Proudly facing the shriekers as they drooled down gray, scaly stretched necks, he unsheathed from within his cloak the ancient Dark Blade, taken from those who had once commanded these dreaded masses. It collected an aura of arrested torchlight like dust to a corpse the higher he brandished it, and the humanoid brutes gazed with obedient wonder, jaws open, panting excitedly.

“Heed me well, and you will never know hunger,” he promised, inciting a chorus of yelps. “Remain here, out of sight, and listen for my call, as it will come when I have the greatest use for you. And, with the greatest use, follows the greatest reward.”

Then Felkoth left his new servants in hiding, relishing the images of their impending emergence. The densely packed channel reverberated with their tantalized frenzy, opening under wide fields just a mile outside the gate of Korindelf, which would soon open to welcome the conquering heroes, for as long as they wished to stay.

Chapter Three

The Tree and the Goldshard

M
orlen reached Korindelf
late the next morning, having allowed his faltering horse a pace slow enough not to be a death sentence. The city was shaped like an engrailed crown with its high walls curving to bridge six encircling hills, each of which was capped with an ornate watchtower. Its two southern walls slanted sharply inward, forming a narrow corridor that led to the gate.

He slowly advanced into the tapering channel while several bowmen lining the battlements above trained their weapons on him, a reception that was no precaution for what approached from the South. There would be no questions as to his business here or his place of origin—he was a citizen they recognized well. And the report they must have gotten from the other returning hunters clearly left no room for rebuttal.

As he neared the sealed stone entrance, a rectangular hatch creaked open at eye level, through which a guard’s inhospitable glare accompanied a protruding arrow. “Any closer and you’ll be a stain on that sagging hide!” the voice reverberated coarsely.

“I was attacked on the road,” he said. “I’ve come back for shelter.”

“You’ll find none here,” the watchman scathed. “We’ve just seen what you did to the boy, heard what you made the horses do. You think we’ll permit your corruption inside these walls again? We should’ve shut you out long ago.”

“I have no intention to stay,” Morlen insisted. “But I need provisions. All that I had was taken. And this horse—I borrowed it, with a promise to bring it back.”

The guard scoffed. “Then whatever you traded for it was too much. I suggest you turn around, ride that beast as far as it’ll go, and then eat it. The people are stirred up enough as it is— word has only just begun to travel that the shriekers have been defeated. Now that those foul wretches are gone, your face is the last any will want to see.”

“Defeated?” Morlen whispered, looking back at the surrounding lands, still bathed in a residue of battle. “And the army?” he asked, wondering what kind of force could have possibly exterminated such an enduring threat.
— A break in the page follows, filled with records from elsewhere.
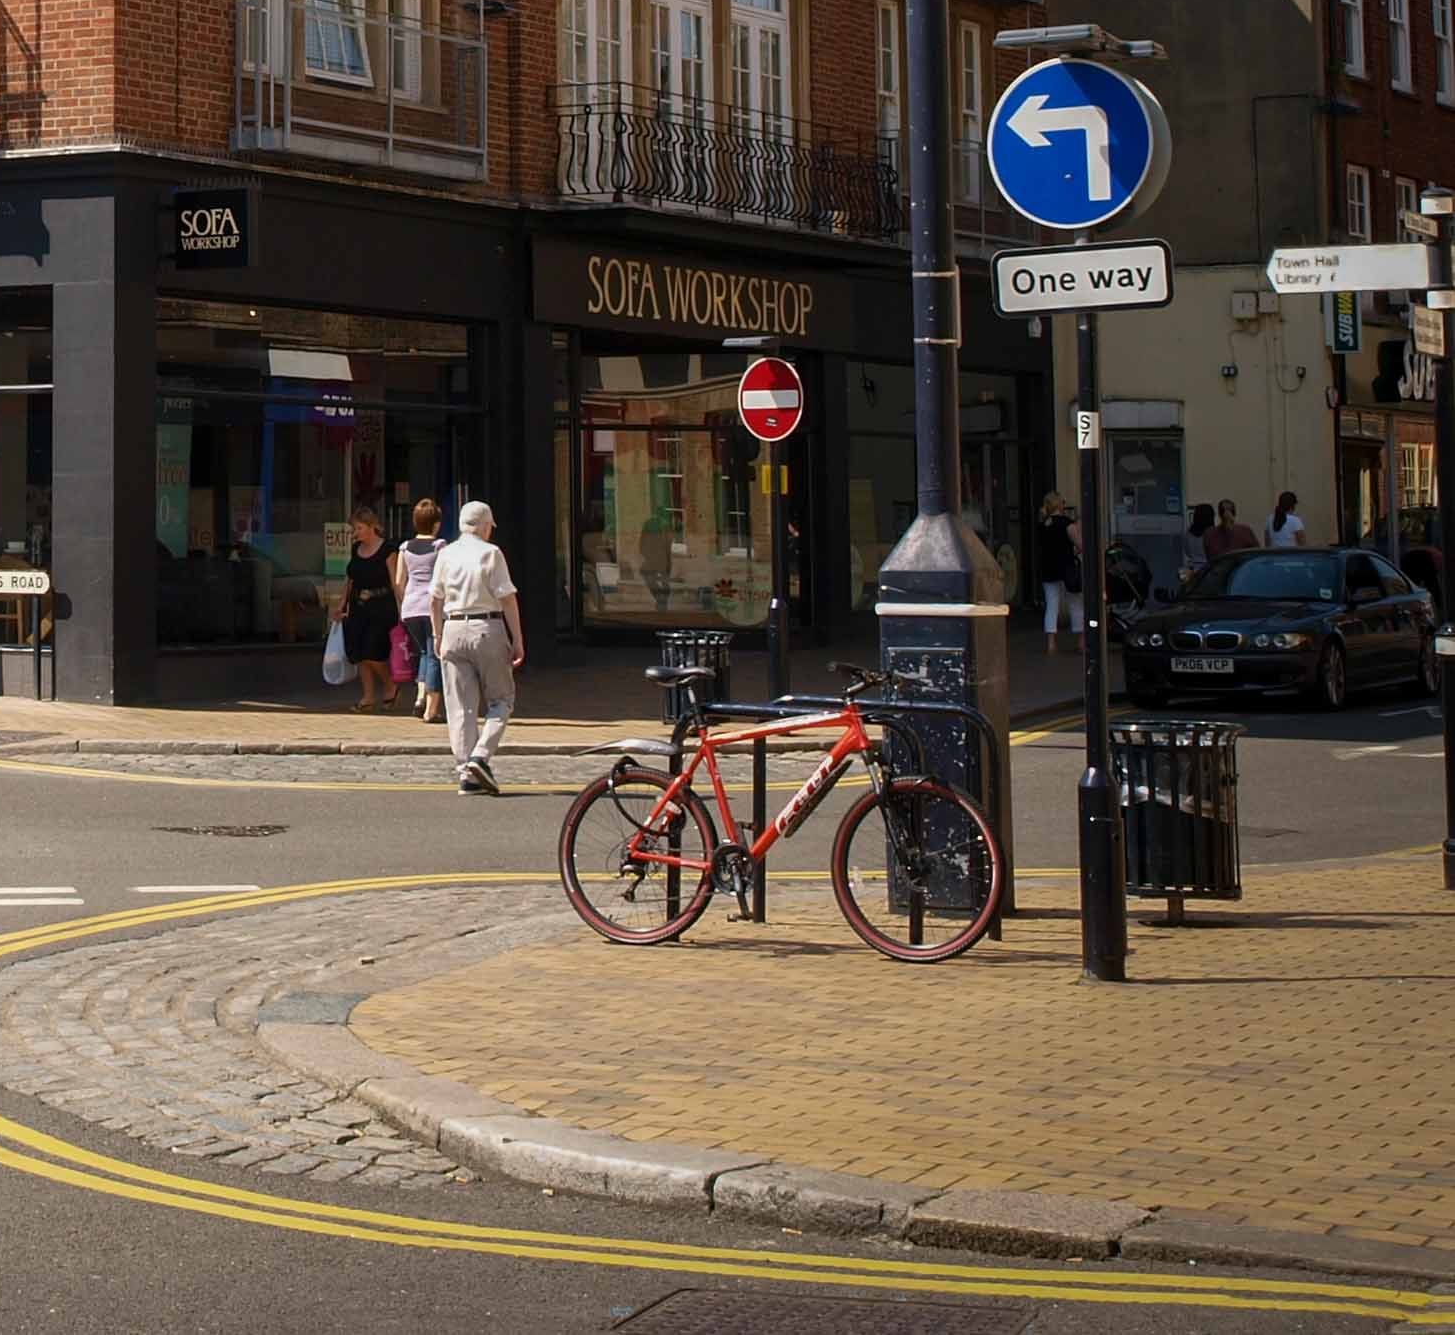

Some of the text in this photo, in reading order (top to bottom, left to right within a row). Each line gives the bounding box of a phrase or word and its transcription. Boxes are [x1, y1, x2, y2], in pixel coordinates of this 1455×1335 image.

[180, 208, 240, 237] SOFA
[180, 235, 240, 250] WORKSHOP
[1275, 254, 1339, 269] Town Hall
[1011, 266, 1152, 294] One way
[1275, 272, 1321, 285] Library
[587, 255, 813, 335] SOFA WORKSHOP
[1081, 415, 1090, 429] S
[1081, 431, 1089, 445] 7
[326, 527, 353, 547] extr
[11, 576, 44, 589] ROAD
“Soon to arrive,” the man replied with greater hostility. “And you’d better be gone before they approach! If Prince Felkoth finds the gate closed to his procession of triumph because of you, starvation will be the least of your worries. Now off with you! I’ll give no more warning!”
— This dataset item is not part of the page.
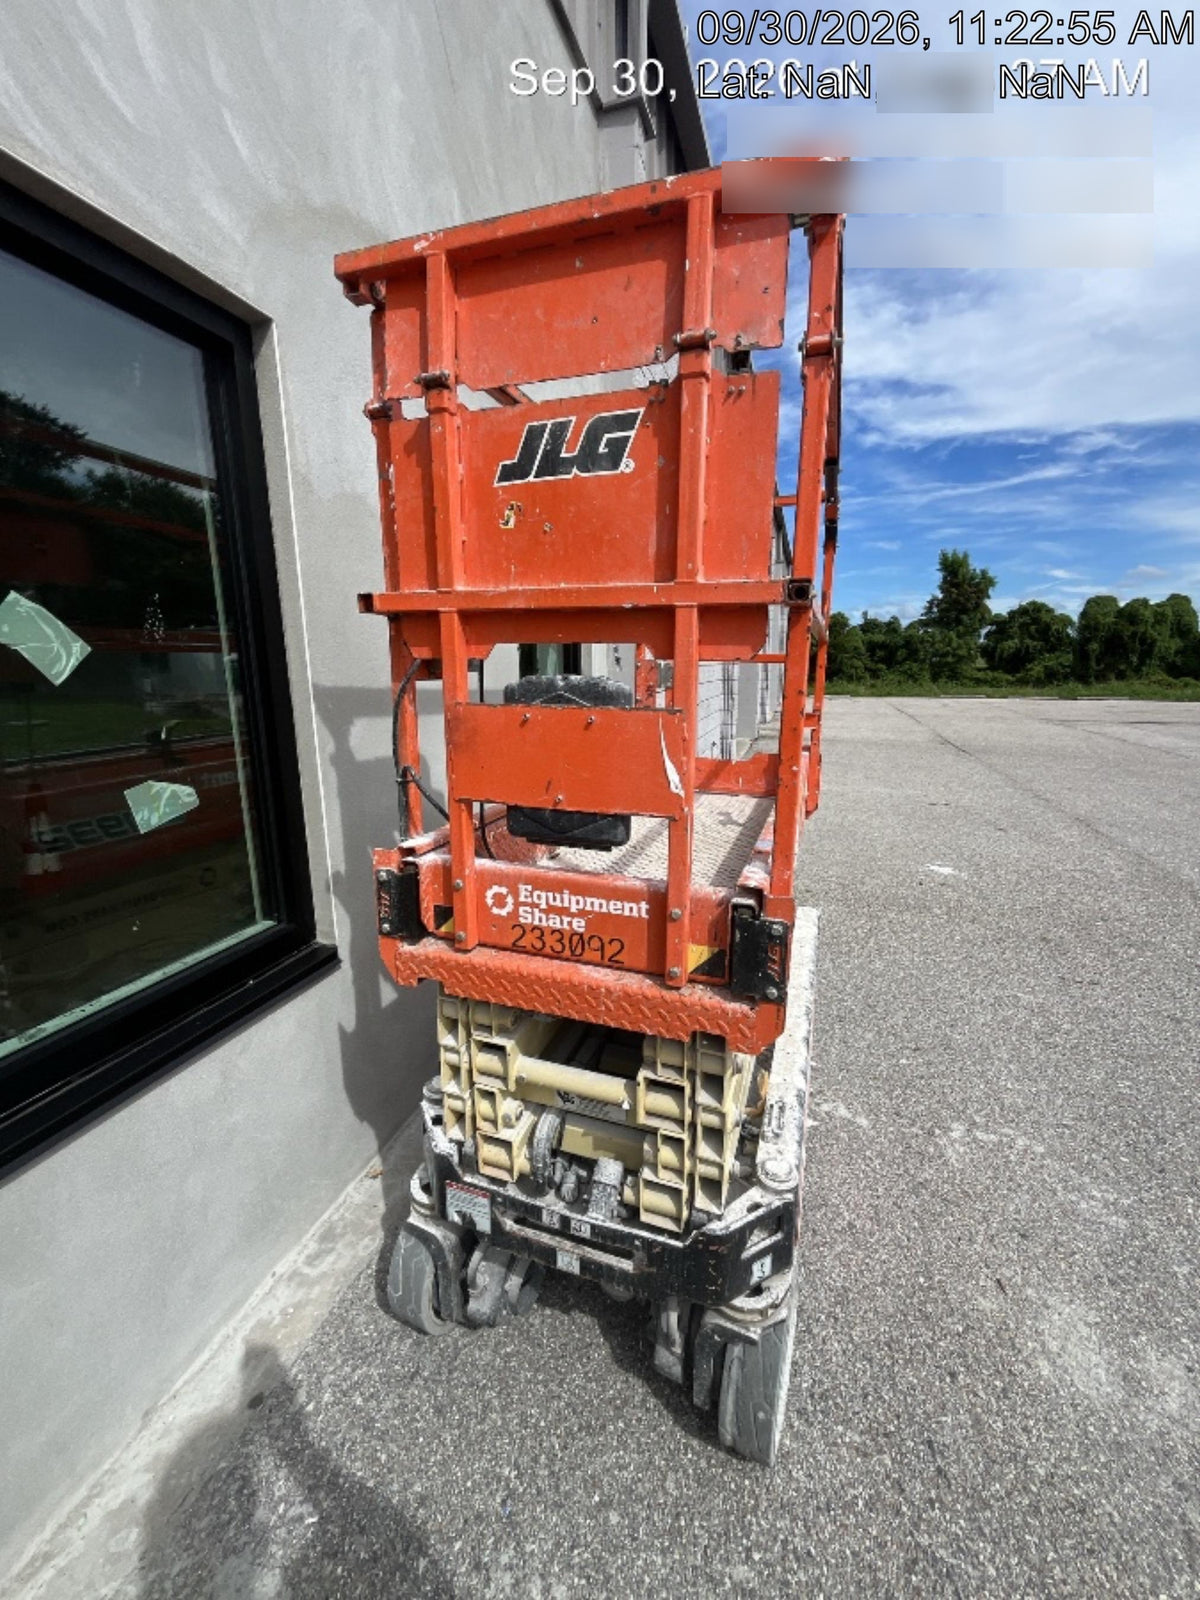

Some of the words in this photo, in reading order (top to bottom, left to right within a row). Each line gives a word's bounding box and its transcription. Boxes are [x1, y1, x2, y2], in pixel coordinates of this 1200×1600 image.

[493, 407, 646, 488] JLG
[517, 884, 650, 919] Equipment
[518, 906, 587, 933] Share
[511, 923, 625, 965] 233092
A drawn bowstring put more power behind the arrow aimed at Morlen’s throat, and he pulled his horse around. From his waterskin he took a weary swig that did little for an empty stomach. Wiping his mouth, he surveyed the open expanse and doubted he would get far. But, while he made his way out all disgruntled mumblings around him fell quiet, as though every guard now cast their attention on someone else, inside.
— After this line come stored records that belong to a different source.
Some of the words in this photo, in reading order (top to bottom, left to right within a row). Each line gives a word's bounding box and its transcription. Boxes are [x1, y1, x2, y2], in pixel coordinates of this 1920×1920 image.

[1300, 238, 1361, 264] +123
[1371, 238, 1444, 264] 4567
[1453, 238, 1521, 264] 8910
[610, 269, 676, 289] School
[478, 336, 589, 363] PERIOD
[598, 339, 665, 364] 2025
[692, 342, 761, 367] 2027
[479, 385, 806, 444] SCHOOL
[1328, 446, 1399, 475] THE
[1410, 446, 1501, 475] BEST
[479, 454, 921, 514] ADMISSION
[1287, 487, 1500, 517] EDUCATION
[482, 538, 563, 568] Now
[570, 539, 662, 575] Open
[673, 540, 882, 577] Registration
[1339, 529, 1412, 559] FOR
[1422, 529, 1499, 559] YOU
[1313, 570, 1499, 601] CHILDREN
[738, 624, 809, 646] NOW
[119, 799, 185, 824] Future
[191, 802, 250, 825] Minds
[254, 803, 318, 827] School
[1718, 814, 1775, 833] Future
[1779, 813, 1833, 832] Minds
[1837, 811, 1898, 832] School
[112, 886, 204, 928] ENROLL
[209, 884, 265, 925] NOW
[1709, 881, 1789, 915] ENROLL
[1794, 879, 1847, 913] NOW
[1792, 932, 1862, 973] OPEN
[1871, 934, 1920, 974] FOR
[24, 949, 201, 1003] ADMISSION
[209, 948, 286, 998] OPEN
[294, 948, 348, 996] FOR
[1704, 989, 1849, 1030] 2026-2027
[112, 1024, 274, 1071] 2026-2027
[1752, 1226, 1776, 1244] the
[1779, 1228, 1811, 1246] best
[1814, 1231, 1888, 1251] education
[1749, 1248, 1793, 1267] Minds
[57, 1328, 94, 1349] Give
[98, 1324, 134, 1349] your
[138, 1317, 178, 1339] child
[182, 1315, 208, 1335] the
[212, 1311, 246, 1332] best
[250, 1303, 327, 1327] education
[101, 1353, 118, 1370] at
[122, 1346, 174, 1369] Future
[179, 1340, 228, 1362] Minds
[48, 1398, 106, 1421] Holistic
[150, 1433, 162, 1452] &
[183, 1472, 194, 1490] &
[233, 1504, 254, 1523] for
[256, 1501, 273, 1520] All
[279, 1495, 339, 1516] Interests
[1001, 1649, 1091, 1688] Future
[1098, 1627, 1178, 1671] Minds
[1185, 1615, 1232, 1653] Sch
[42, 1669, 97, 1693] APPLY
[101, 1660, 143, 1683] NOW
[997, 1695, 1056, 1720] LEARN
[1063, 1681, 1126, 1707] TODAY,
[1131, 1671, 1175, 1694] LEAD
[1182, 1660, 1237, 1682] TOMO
“You will admit him at once!” a familiar voice echoed out from behind the closed barrier.

Daring to halt and pivot back, Morlen waited for any sign of change, listening for a defiant retort that never came. Silence kept him firmly in position, and he suspected that any sudden movement might trigger a nervous shot from one of the archers, until finally a great winch began to crank on the other side. Korindelf’s gate slowly swiveled open into the city, revealing a host of guards who spitefully lowered their weapons. They parted along either side of the central road in which a single man stood, hooded in silver-blue robes, old and of tall stature, with a thick pale beard projecting far past his chin.

“Nottleforf.” Morlen breathed a sigh of relief, trotting closer to the threshold though stopping short at the disdain from each sentry before him.

“You may enter now, young Morlen,” said Nottleforf, his tone prohibiting any action to the contrary.

No longer hesitating, Morlen quickly rode past them, cantering a safe enough distance to ensure no further interference, and was smothered by the bitter attention of many onlookers. Soon he dismounted and strode between Nottleforf and the horse in a way that shielded him against the dozens who would not let him pass so easily.

“You don’t belong here!” scolded several beside the road, pushing closer through the crowd.

“Now he turns our animals against our children!” screamed another. “He brings danger wherever he goes!”

Morlen kept his head low while maintaining a brisk pace, dodging debris and brown clumps of lettuce flung in his direction, though Nottleforf seemed unfazed, refusing to bend.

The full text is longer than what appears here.